* Instructions for the task
Without the pictures, reproduce the entries below exactly.

Stored entries
****
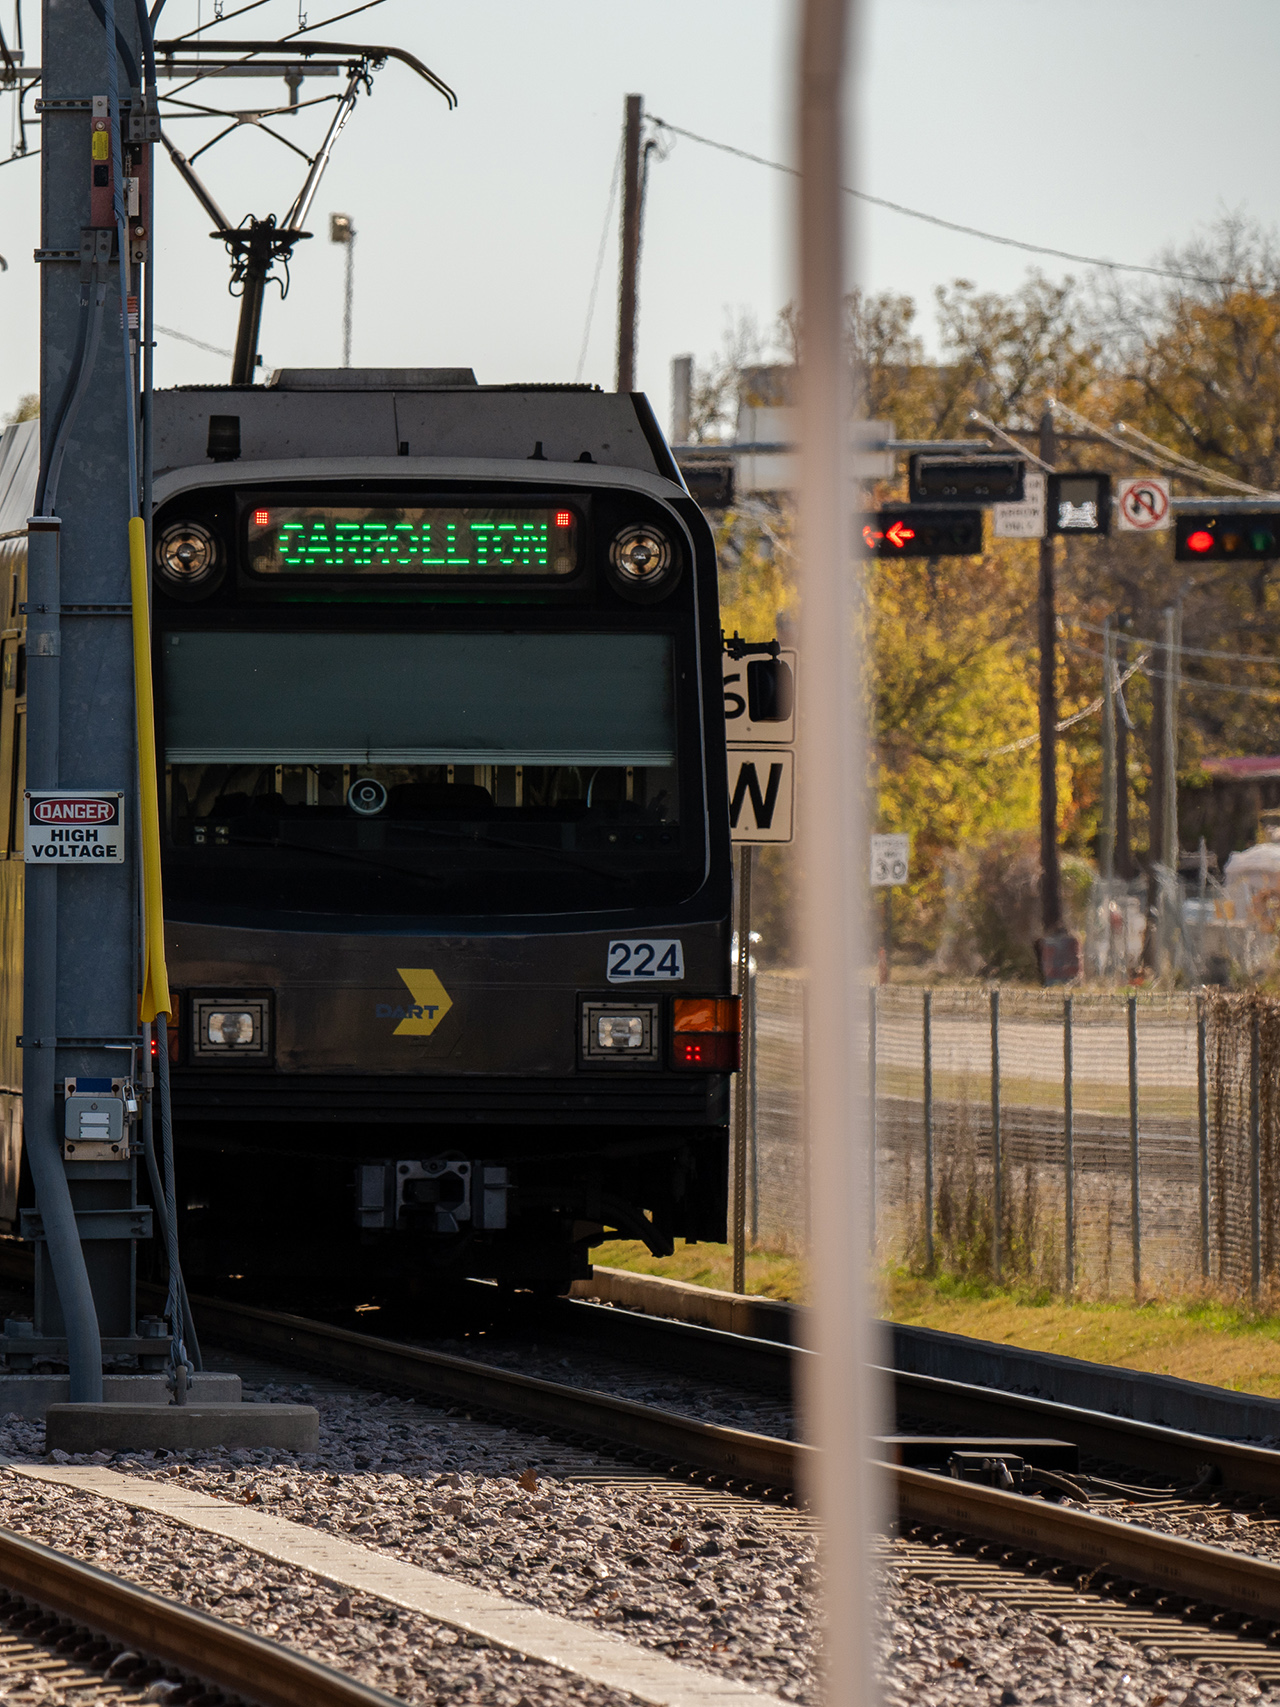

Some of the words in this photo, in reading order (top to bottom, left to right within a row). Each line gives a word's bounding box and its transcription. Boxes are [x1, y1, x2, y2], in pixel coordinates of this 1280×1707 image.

[729, 762, 784, 830] W
[39, 803, 110, 819] DANGER
[50, 828, 99, 842] HIGH
[31, 844, 118, 858] VOLTAGE
[609, 943, 681, 977] 224
[375, 1003, 440, 1020] DART
****
* Final answer
Some of the words in this photo, in reading order (top to bottom, left to right within a row). Each line gives a word's bounding box and its transcription. Boxes are [x1, y1, x2, y2], in pixel coordinates of this 1280×1707 image.

[729, 762, 784, 830] W
[39, 803, 110, 819] DANGER
[50, 828, 99, 842] HIGH
[31, 844, 118, 858] VOLTAGE
[609, 943, 681, 977] 224
[375, 1003, 440, 1020] DART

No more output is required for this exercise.